*What you will do*. What you give back must match the records below exactly.

--- Excerpted data Enclosed Below ---

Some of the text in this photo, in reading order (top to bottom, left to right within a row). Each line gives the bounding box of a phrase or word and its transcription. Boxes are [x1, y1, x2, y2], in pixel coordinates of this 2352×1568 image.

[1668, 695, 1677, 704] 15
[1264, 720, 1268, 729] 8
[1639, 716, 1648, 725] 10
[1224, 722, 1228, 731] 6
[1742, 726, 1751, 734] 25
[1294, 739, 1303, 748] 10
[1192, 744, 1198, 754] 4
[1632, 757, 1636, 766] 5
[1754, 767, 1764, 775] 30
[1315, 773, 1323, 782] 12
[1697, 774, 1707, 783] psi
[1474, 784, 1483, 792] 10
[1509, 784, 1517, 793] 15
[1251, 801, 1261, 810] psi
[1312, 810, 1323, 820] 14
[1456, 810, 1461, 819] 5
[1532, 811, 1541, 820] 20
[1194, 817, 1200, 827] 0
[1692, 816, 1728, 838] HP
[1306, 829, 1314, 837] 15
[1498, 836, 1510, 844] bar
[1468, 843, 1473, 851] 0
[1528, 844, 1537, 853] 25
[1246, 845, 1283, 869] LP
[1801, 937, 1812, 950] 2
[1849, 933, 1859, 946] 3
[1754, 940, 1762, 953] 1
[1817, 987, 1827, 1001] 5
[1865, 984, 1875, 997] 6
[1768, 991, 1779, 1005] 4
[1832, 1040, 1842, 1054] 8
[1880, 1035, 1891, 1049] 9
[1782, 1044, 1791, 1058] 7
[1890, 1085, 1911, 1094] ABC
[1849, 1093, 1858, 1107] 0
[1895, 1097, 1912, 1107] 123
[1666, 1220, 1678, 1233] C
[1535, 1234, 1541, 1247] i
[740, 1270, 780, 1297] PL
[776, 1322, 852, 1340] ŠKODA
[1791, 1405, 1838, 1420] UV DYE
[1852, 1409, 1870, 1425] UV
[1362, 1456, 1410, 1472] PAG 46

--- End of Enclosed Excerpted data ---

*Answer to this exercise*.
Some of the text in this photo, in reading order (top to bottom, left to right within a row). Each line gives the bounding box of a phrase or word and its transcription. Boxes are [x1, y1, x2, y2], in pixel coordinates of this 2352×1568 image.

[1668, 695, 1677, 704] 15
[1264, 720, 1268, 729] 8
[1639, 716, 1648, 725] 10
[1224, 722, 1228, 731] 6
[1742, 726, 1751, 734] 25
[1294, 739, 1303, 748] 10
[1192, 744, 1198, 754] 4
[1632, 757, 1636, 766] 5
[1754, 767, 1764, 775] 30
[1315, 773, 1323, 782] 12
[1697, 774, 1707, 783] psi
[1474, 784, 1483, 792] 10
[1509, 784, 1517, 793] 15
[1251, 801, 1261, 810] psi
[1312, 810, 1323, 820] 14
[1456, 810, 1461, 819] 5
[1532, 811, 1541, 820] 20
[1194, 817, 1200, 827] 0
[1692, 816, 1728, 838] HP
[1306, 829, 1314, 837] 15
[1498, 836, 1510, 844] bar
[1468, 843, 1473, 851] 0
[1528, 844, 1537, 853] 25
[1246, 845, 1283, 869] LP
[1801, 937, 1812, 950] 2
[1849, 933, 1859, 946] 3
[1754, 940, 1762, 953] 1
[1817, 987, 1827, 1001] 5
[1865, 984, 1875, 997] 6
[1768, 991, 1779, 1005] 4
[1832, 1040, 1842, 1054] 8
[1880, 1035, 1891, 1049] 9
[1782, 1044, 1791, 1058] 7
[1890, 1085, 1911, 1094] ABC
[1849, 1093, 1858, 1107] 0
[1895, 1097, 1912, 1107] 123
[1666, 1220, 1678, 1233] C
[1535, 1234, 1541, 1247] i
[740, 1270, 780, 1297] PL
[776, 1322, 852, 1340] ŠKODA
[1791, 1405, 1838, 1420] UV DYE
[1852, 1409, 1870, 1425] UV
[1362, 1456, 1410, 1472] PAG 46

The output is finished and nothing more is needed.